Lane v. Hyder

Decision Date13 May 1912
PartiesHENRY LANE, Respondent, v. H. H. HYDER and J. B. HYDER, Appellants
CourtKansas Court of Appeals

Appeal from Clay Circuit Court.--Hon. Francis H. Trimble, Judge.

AFFIRMED.

Cause affirmed.

W. E Fowler and Claude Hardwick for appellant.

O. E Robinson and Martin E. Lawson for respondent.

OPINION

BROADDUS, J.

This is an action to recover on two negotiable promissory notes executed by H. H. and J. B. Hyder, one on January 27th, and the other on February 14, 1908, and made payable to the plaintiff. One of the notes reads as follows:

"$ 150.00 1-27th, 1908.

"Ninety days after date we promise to pay to the order of Henry Lane one hundred and fifty dollars, for value received, negotiable and payable without defalcation or discount and with interest from date at the rate of eight per cent per annum, and if the interest be not paid annually to become principal and bear the same rate of interest until paid.

H. H. HYDER,

J. B. HYDER."

"Indorsements: This note is hereby extended ninety days from m't'y. Received on the within $ 3.00 for int. July 27, Received on the within $ 3.00 int. This note extended from Aug. 27, to Nov. 27, 1909."

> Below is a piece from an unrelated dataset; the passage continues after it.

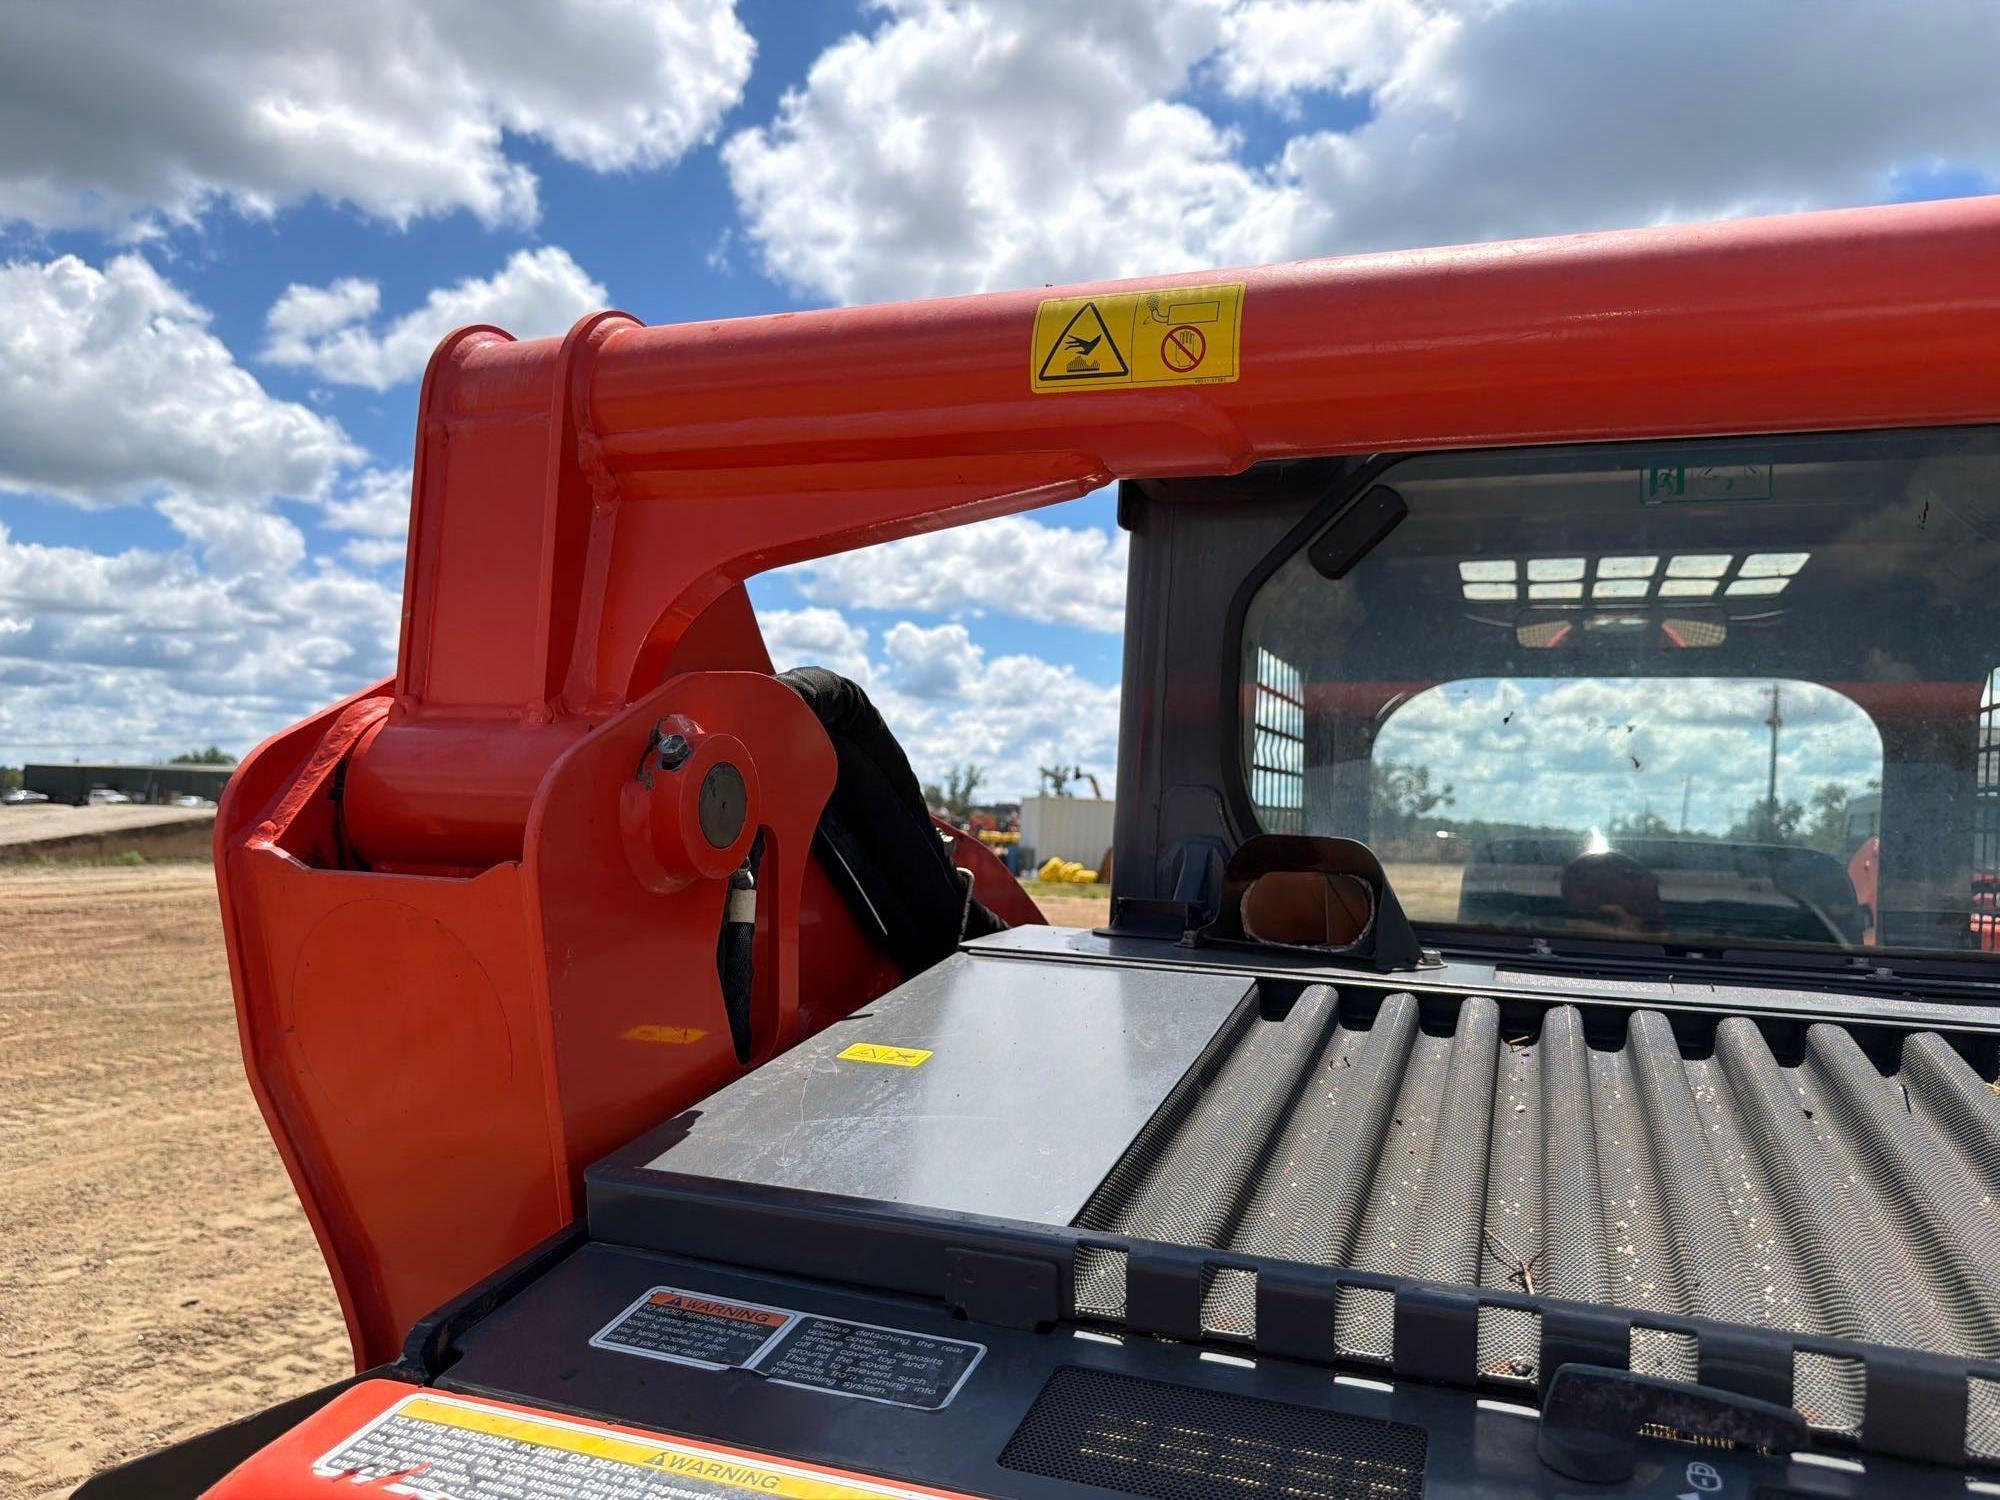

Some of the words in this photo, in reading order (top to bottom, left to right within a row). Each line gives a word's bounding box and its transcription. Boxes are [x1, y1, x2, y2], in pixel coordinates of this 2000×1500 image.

The other is the same kind of a note and is for the sum of seventy dollars, payable in ninety days after date. And on the back thereof were indorsements of receipt of interest and notations of extension of time of payment. H. H. Hyder made no defense to the action. The defendant, J. B. Hyder, defended on the ground that he was surety for his codefendant and that time for payment was extended for a valuable consideration by agreement between plaintiff and H. H. Hyder without his consent or knowledge, whereby he was in law discharged as such surety. The court excluded the evidence offered in support of this defense and rendered judgment for the amount of the notes and interest unpaid. The defendant, J. B. Hyder, appealed.

It is the contention of appellant that the court committed an error in refusing to admit the evidence tendered in support of his defense.

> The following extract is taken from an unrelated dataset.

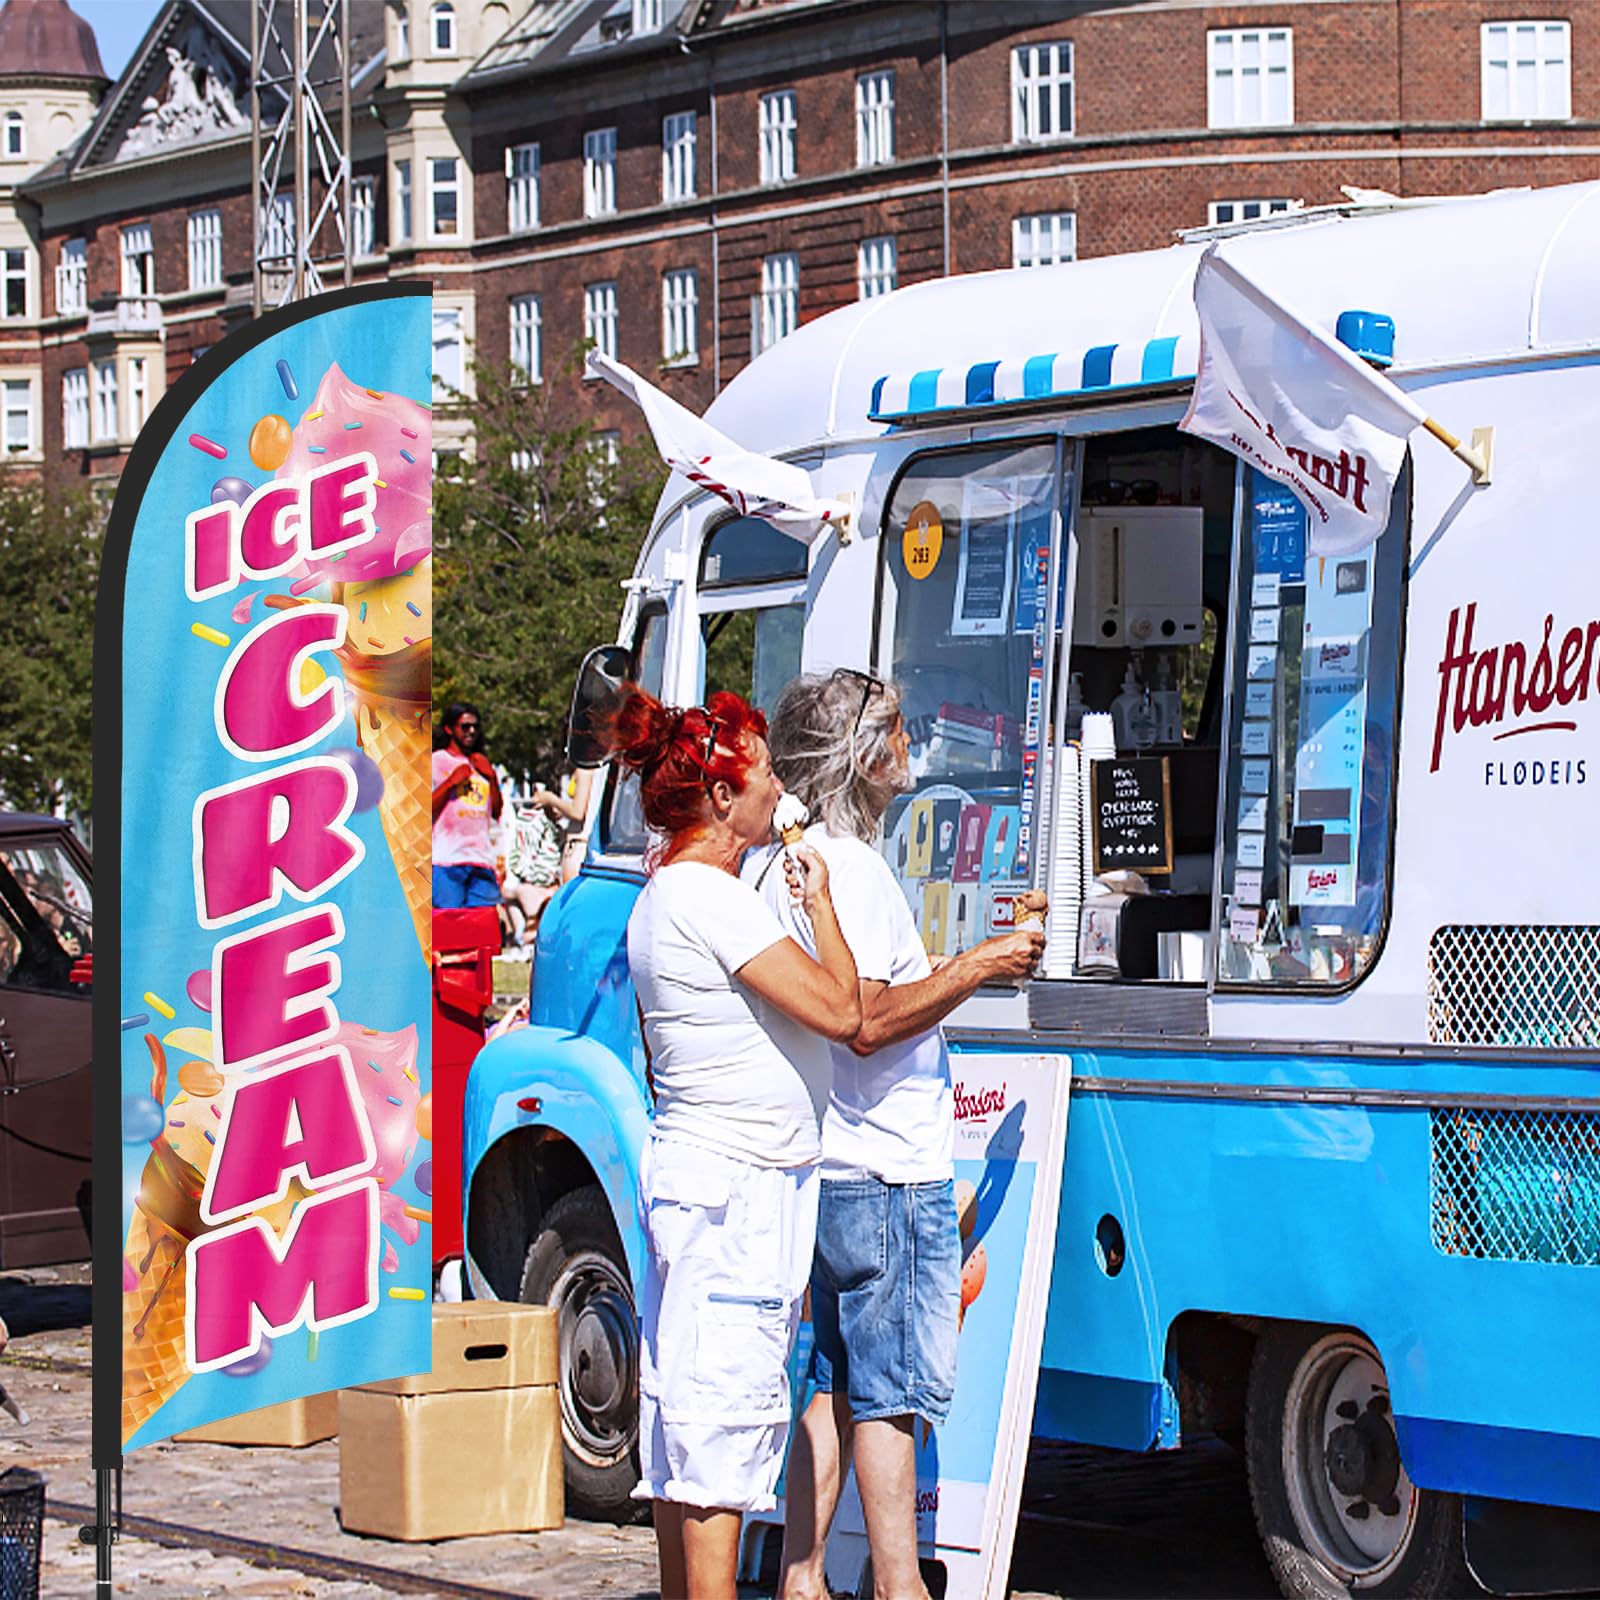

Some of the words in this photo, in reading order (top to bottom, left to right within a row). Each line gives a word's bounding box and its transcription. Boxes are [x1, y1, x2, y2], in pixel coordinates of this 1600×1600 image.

[186, 453, 377, 599] ICE
[1485, 760, 1586, 785] FLØDEIS
[186, 604, 379, 1372] CREAM

The notes were executed since the adoption of chapter 86, entitled "Negotiable Instruments," and the question is to be determined by a construction of said act. So far as we know the question is a new one in this state. Prior to the adoption of said chapter, as it now stands, it was the well settled law of the state that an extension of time of payment for a valuable consideration paid by the principal of a note without the consent of the surety operated to discharge the surety.

Section 10161 defines the status of persons connected with negotiable instruments; it reads: "Persons primarily and secondarily liable. The person primarily liable on an instrument is the person who by the terms of the instrument is absolutely required to pay the same. All other parties are secondarily liable."

Section 10089 reads: "Negotiable instruments, when discharged. A negotiable instrument is discharged: (1) By payment in due course by or on behalf of the principal debtor; (2) by payment in due course by the party accommodated, where the instrument is made or accepted for accommodation; (3) by the intentional cancellation thereof by the holder; (4) by any other act which will discharge a simple contract for the payment of money; (5) when the principal debtor becomes the holder of the instrument at or after maturity in his own right."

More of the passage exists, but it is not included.